Reproduce the listing word for word, leaving every picture behind.
───
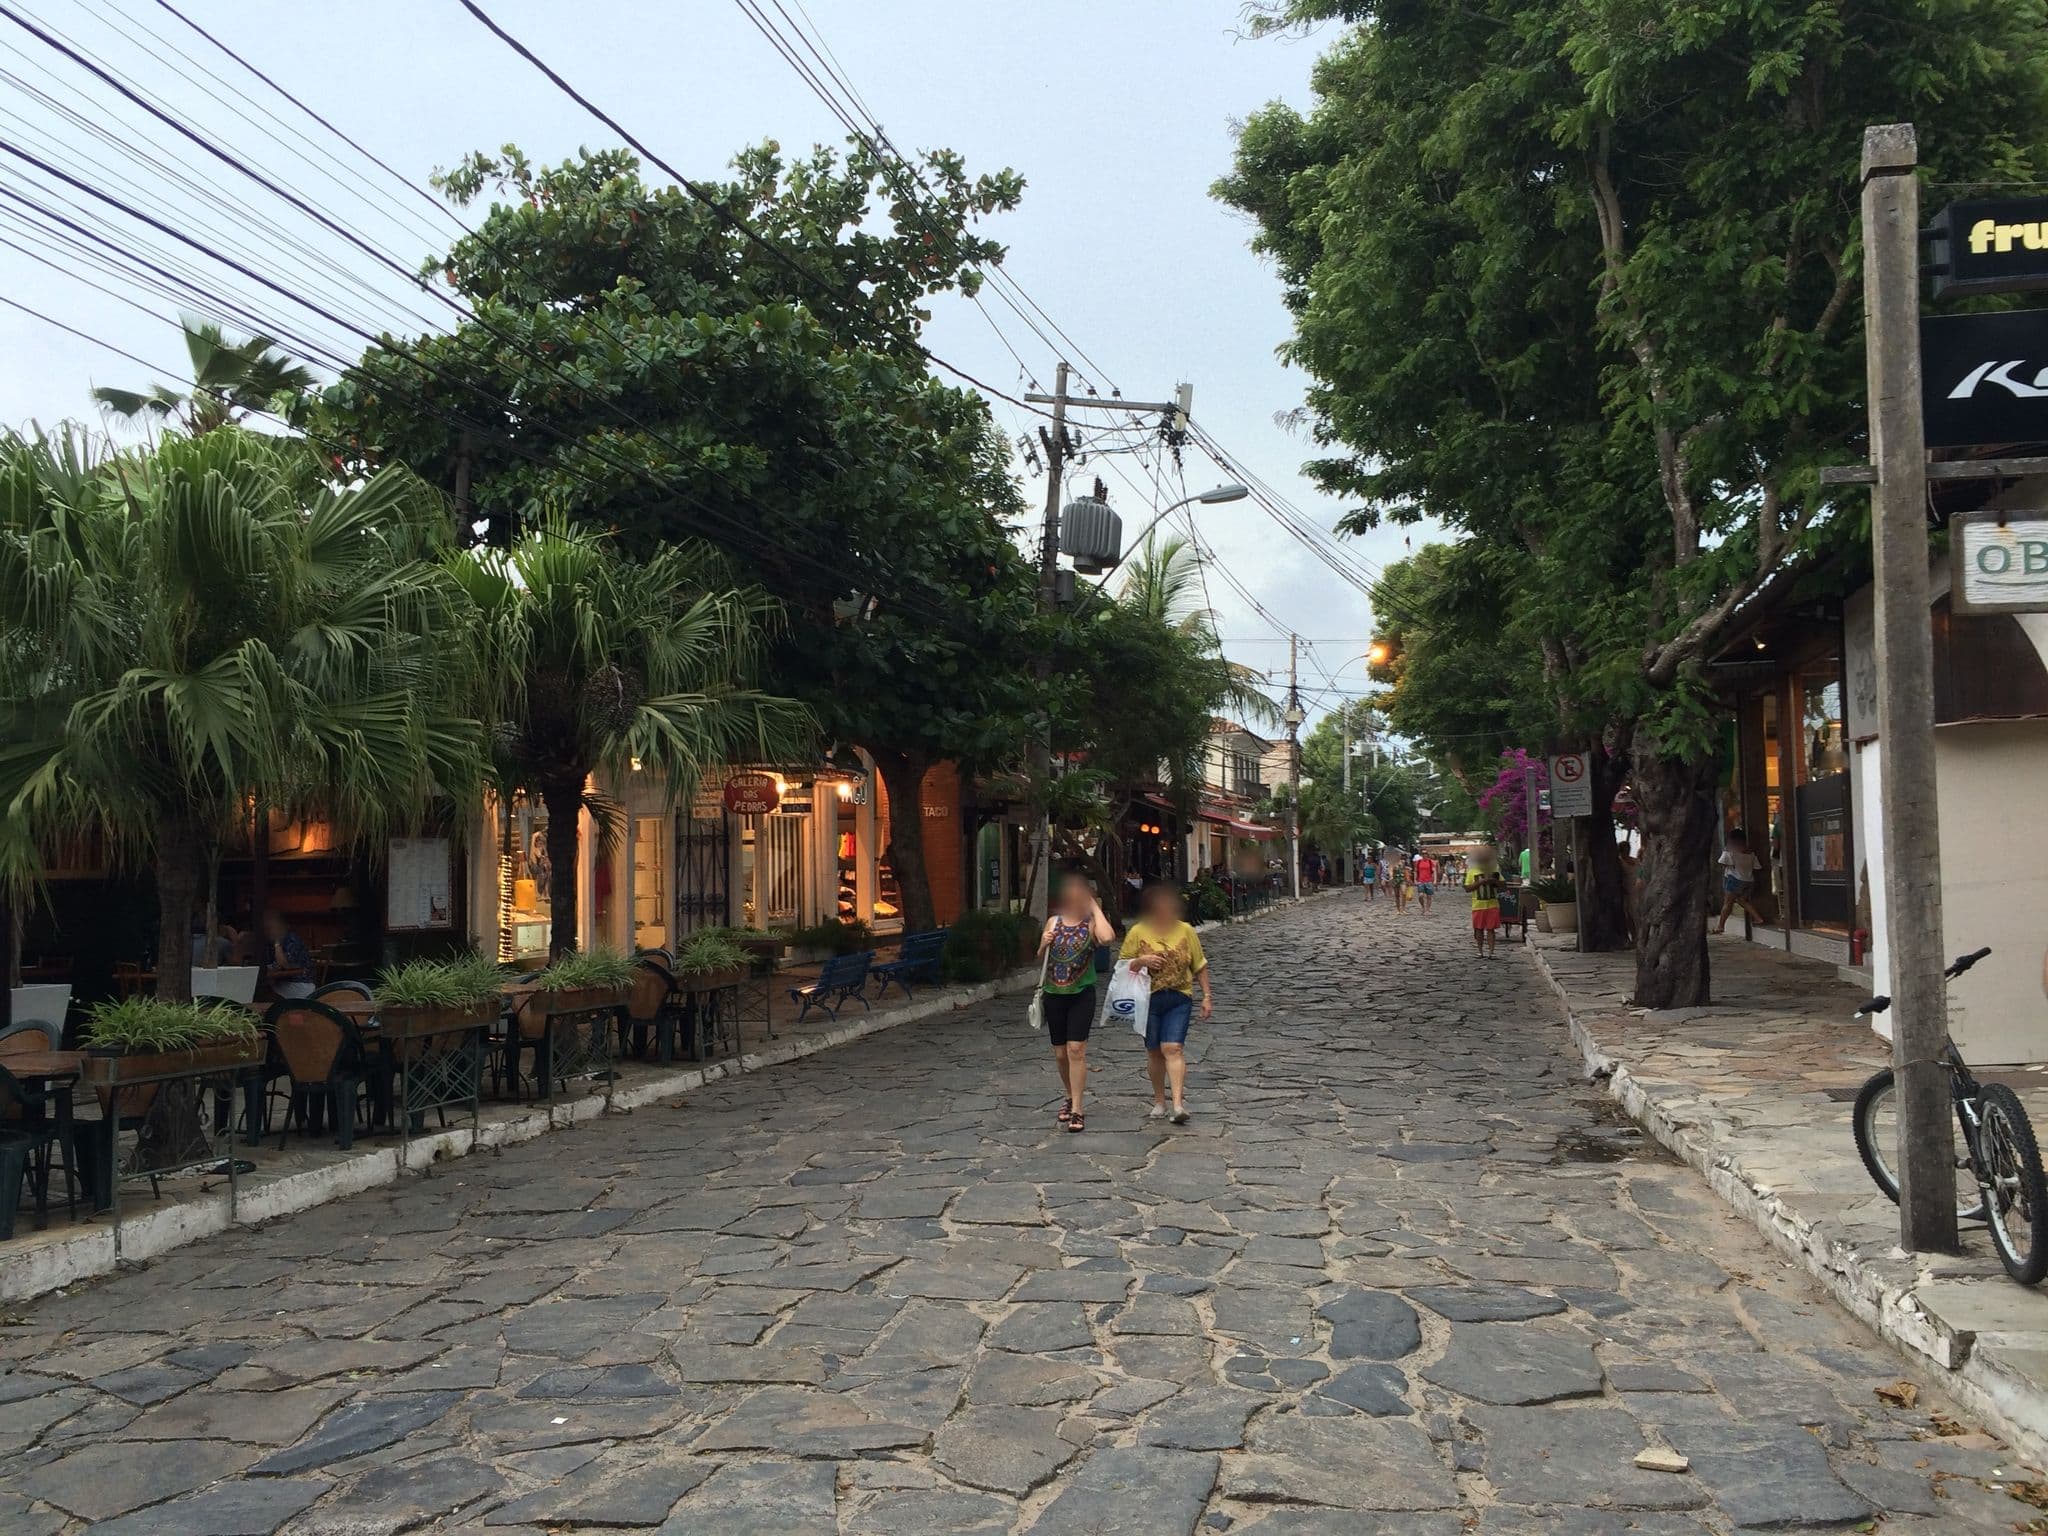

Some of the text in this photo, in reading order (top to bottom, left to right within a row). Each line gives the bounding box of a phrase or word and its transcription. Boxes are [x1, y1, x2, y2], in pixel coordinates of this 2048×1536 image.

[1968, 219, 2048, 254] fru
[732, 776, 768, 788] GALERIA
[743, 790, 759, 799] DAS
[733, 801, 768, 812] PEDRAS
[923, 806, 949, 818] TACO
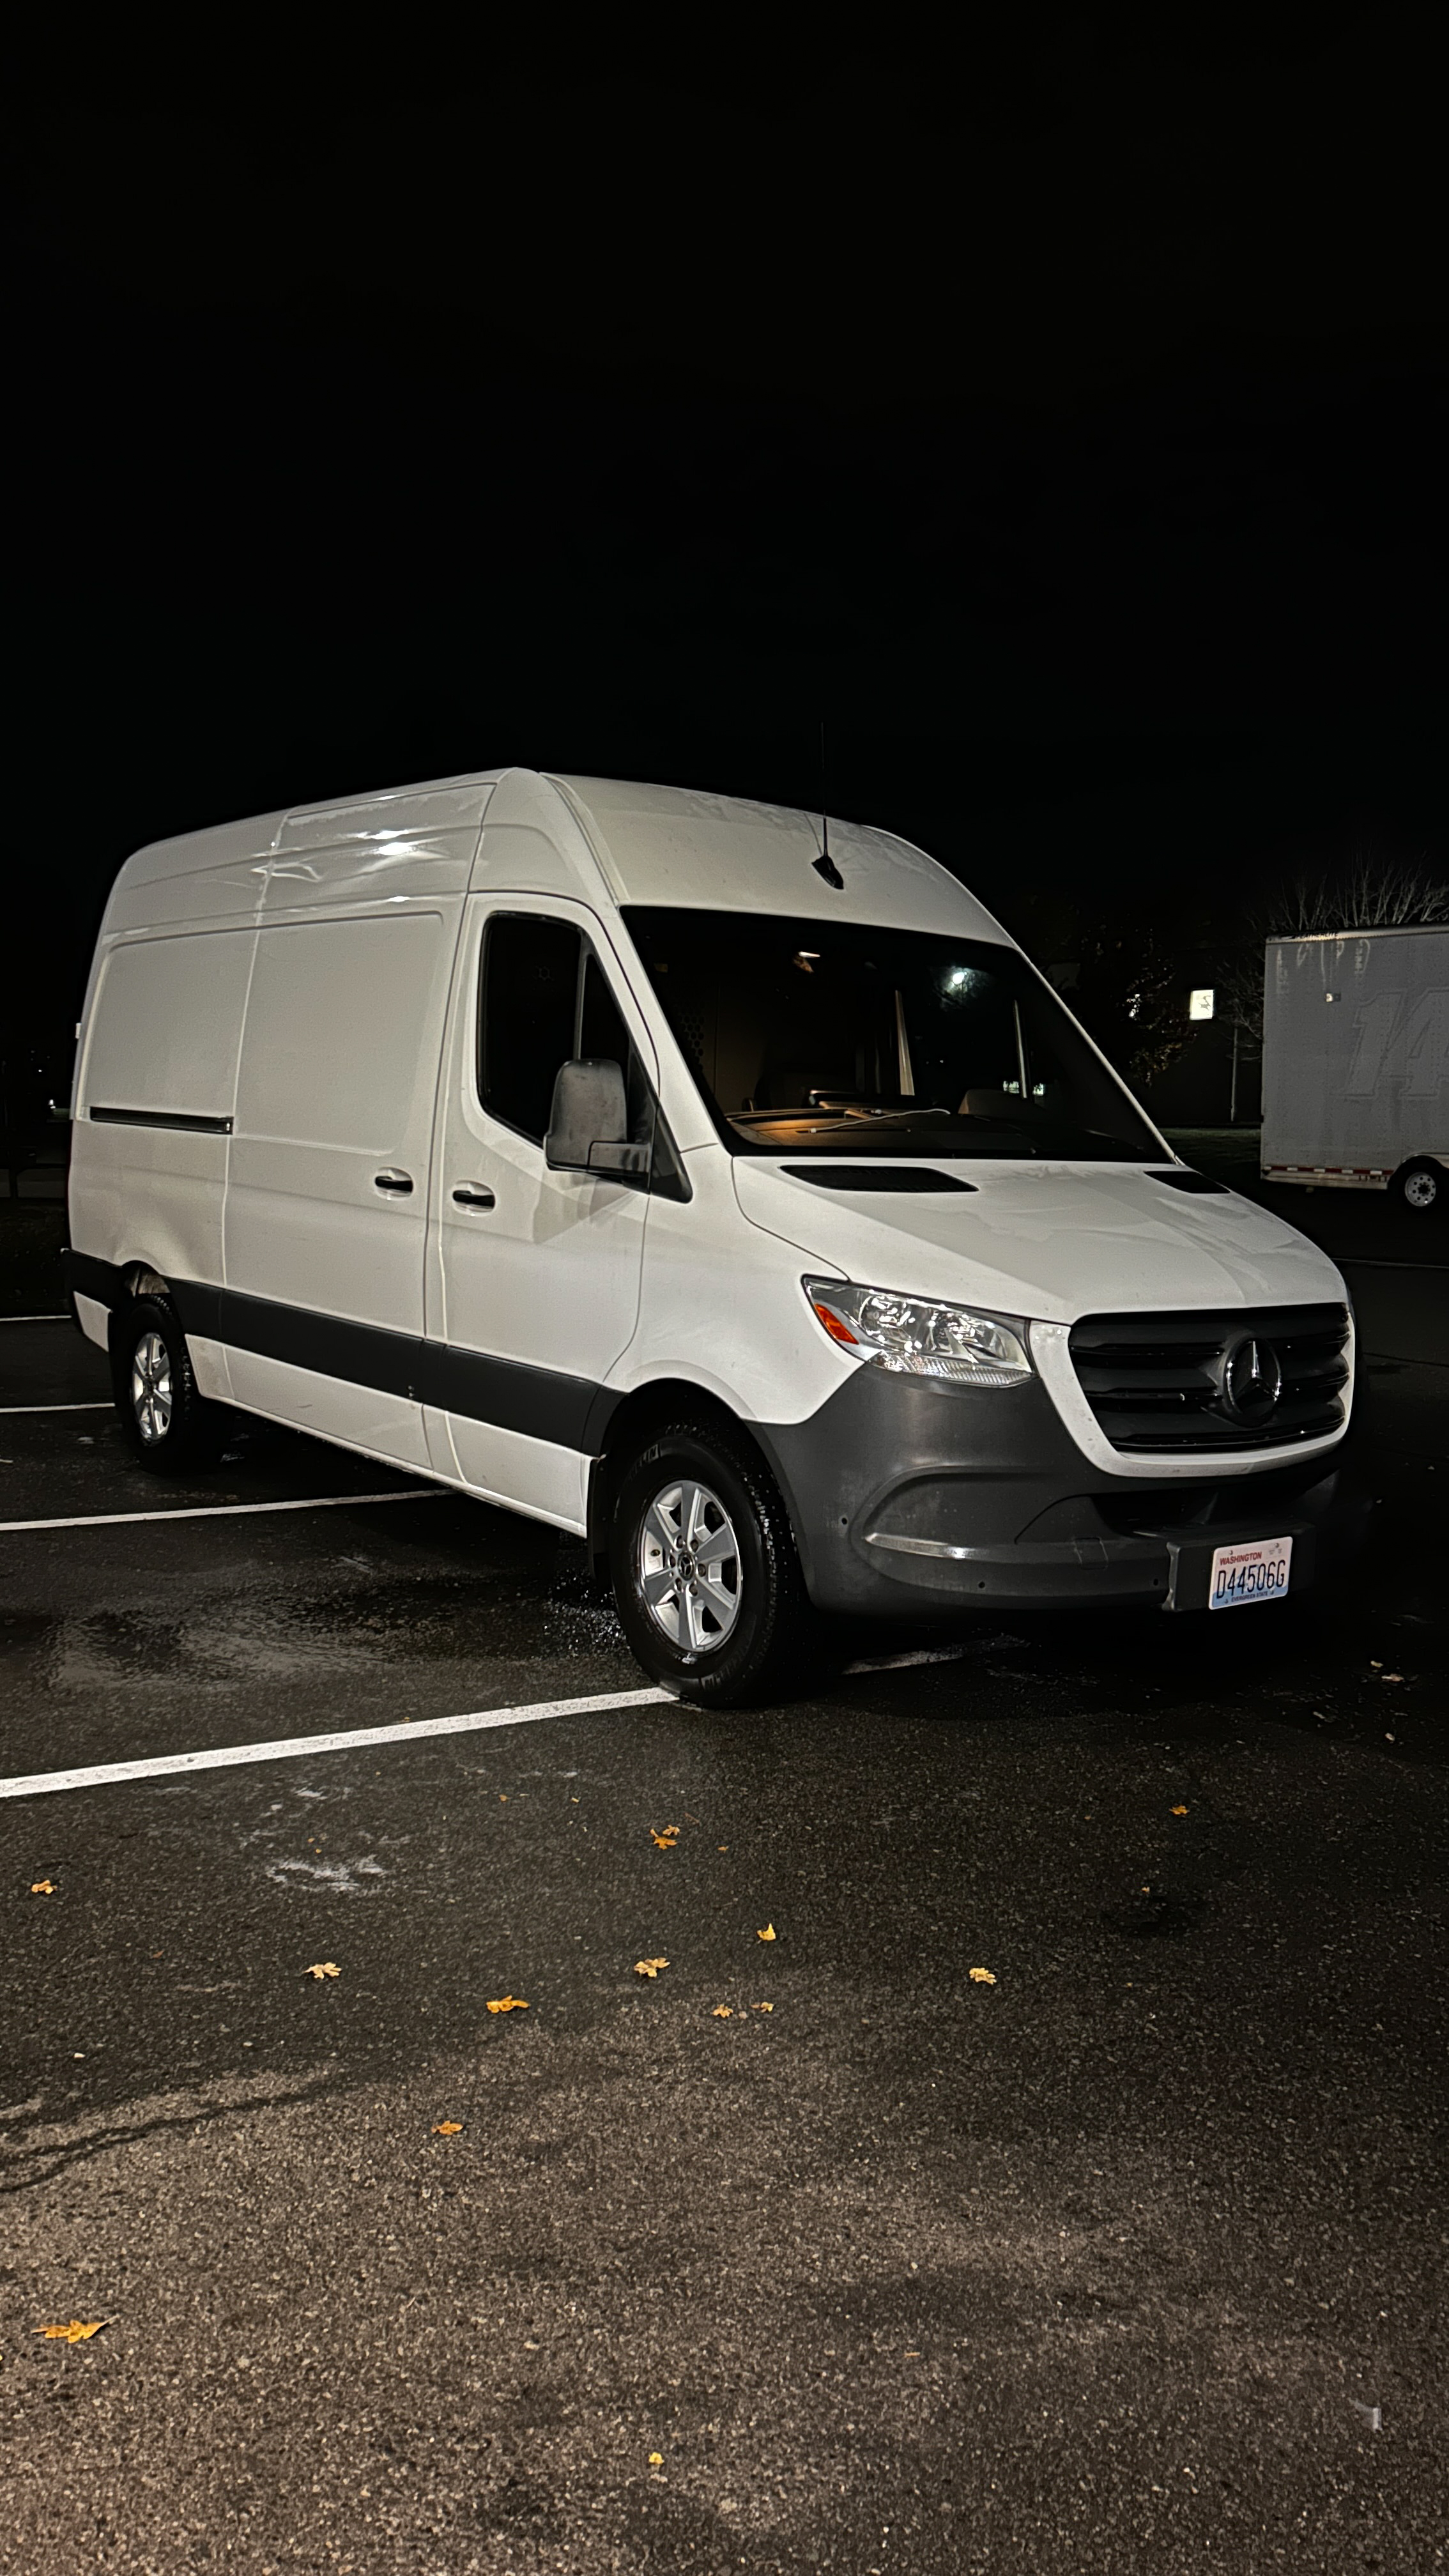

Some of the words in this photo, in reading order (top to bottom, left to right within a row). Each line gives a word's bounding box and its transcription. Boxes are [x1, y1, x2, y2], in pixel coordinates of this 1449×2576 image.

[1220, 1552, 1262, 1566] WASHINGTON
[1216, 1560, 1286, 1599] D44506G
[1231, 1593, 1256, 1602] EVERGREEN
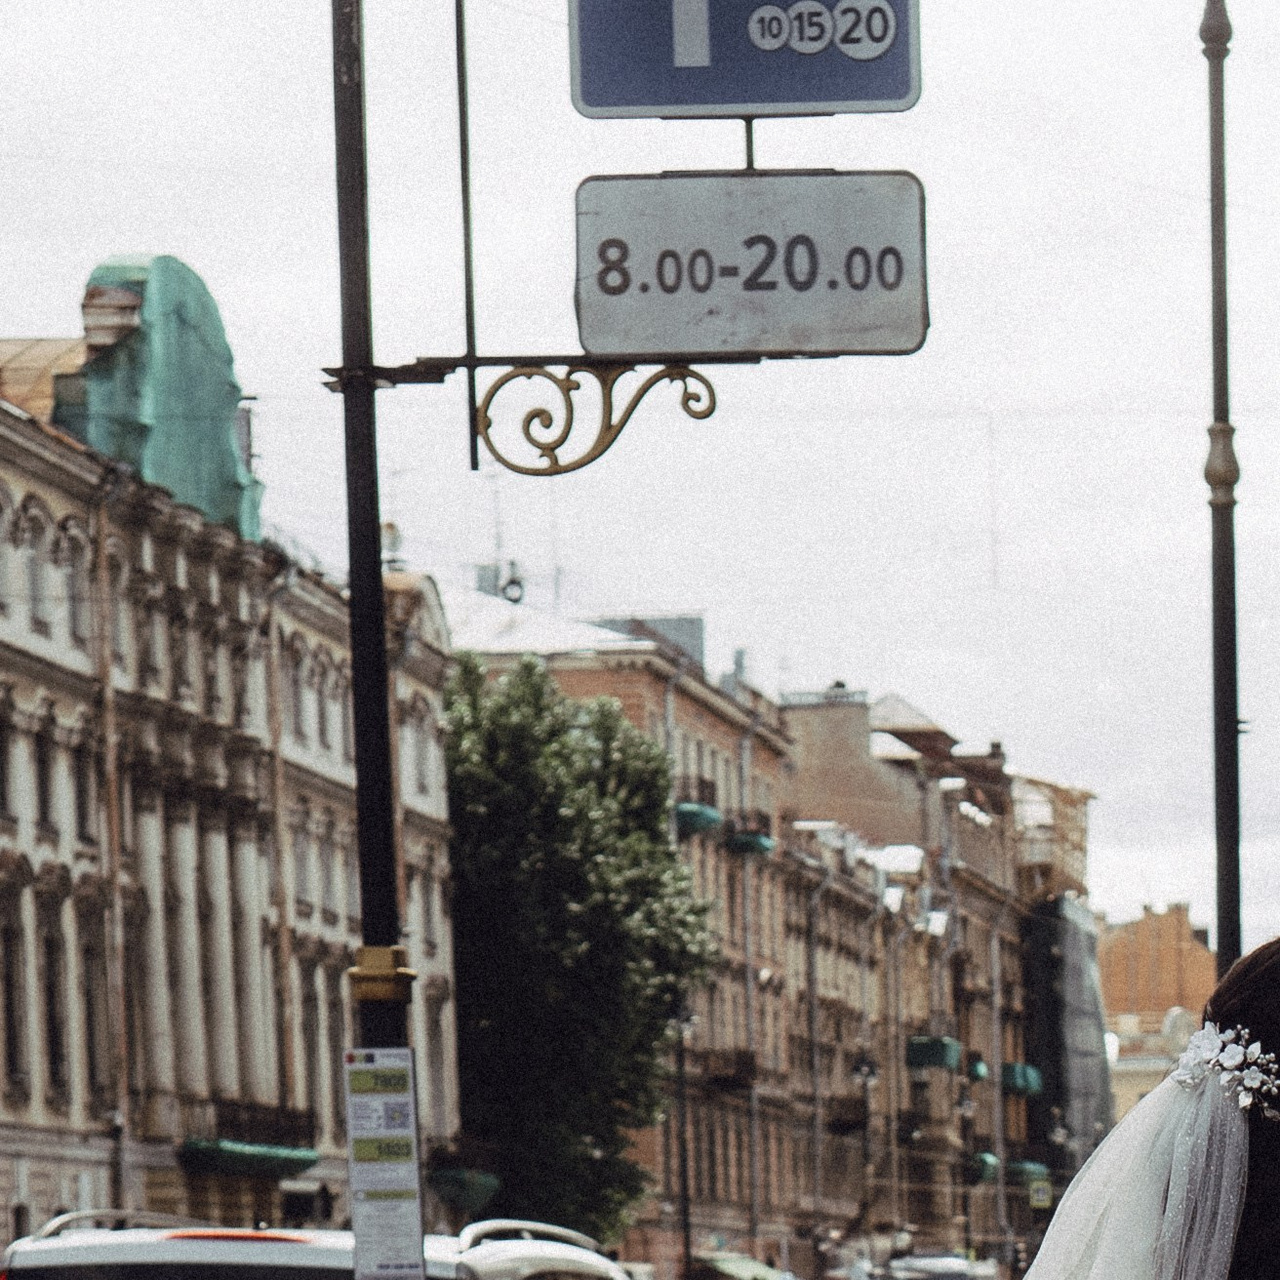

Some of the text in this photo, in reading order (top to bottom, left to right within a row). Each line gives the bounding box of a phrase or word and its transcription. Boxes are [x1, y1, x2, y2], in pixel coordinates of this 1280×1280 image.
───
### OUTPUT OF THE EXERCISE
Some of the text in this photo, in reading order (top to bottom, left to right within a row). Each line gives the bounding box of a phrase or word and its transcription. Boxes are [x1, y1, x2, y2], in pixel coordinates of this 2048×1536 image.

[1968, 219, 2048, 254] fru
[732, 776, 768, 788] GALERIA
[743, 790, 759, 799] DAS
[733, 801, 768, 812] PEDRAS
[923, 806, 949, 818] TACO

Some of the words in this photo, in reading order (top to bottom, left to right within a row). Each line gives a word's bounding box and its transcription. Boxes are [x1, y1, x2, y2], in pixel coordinates of this 1449×2576 image.

[1220, 1552, 1262, 1566] WASHINGTON
[1216, 1560, 1286, 1599] D44506G
[1231, 1593, 1256, 1602] EVERGREEN

Some of the text in this photo, in reading order (top to bottom, left to right within a row). Each line gives the bounding box of a phrase or word and its transcription. Boxes are [x1, y1, x2, y2], in pixel coordinates of this 1280×1280 image.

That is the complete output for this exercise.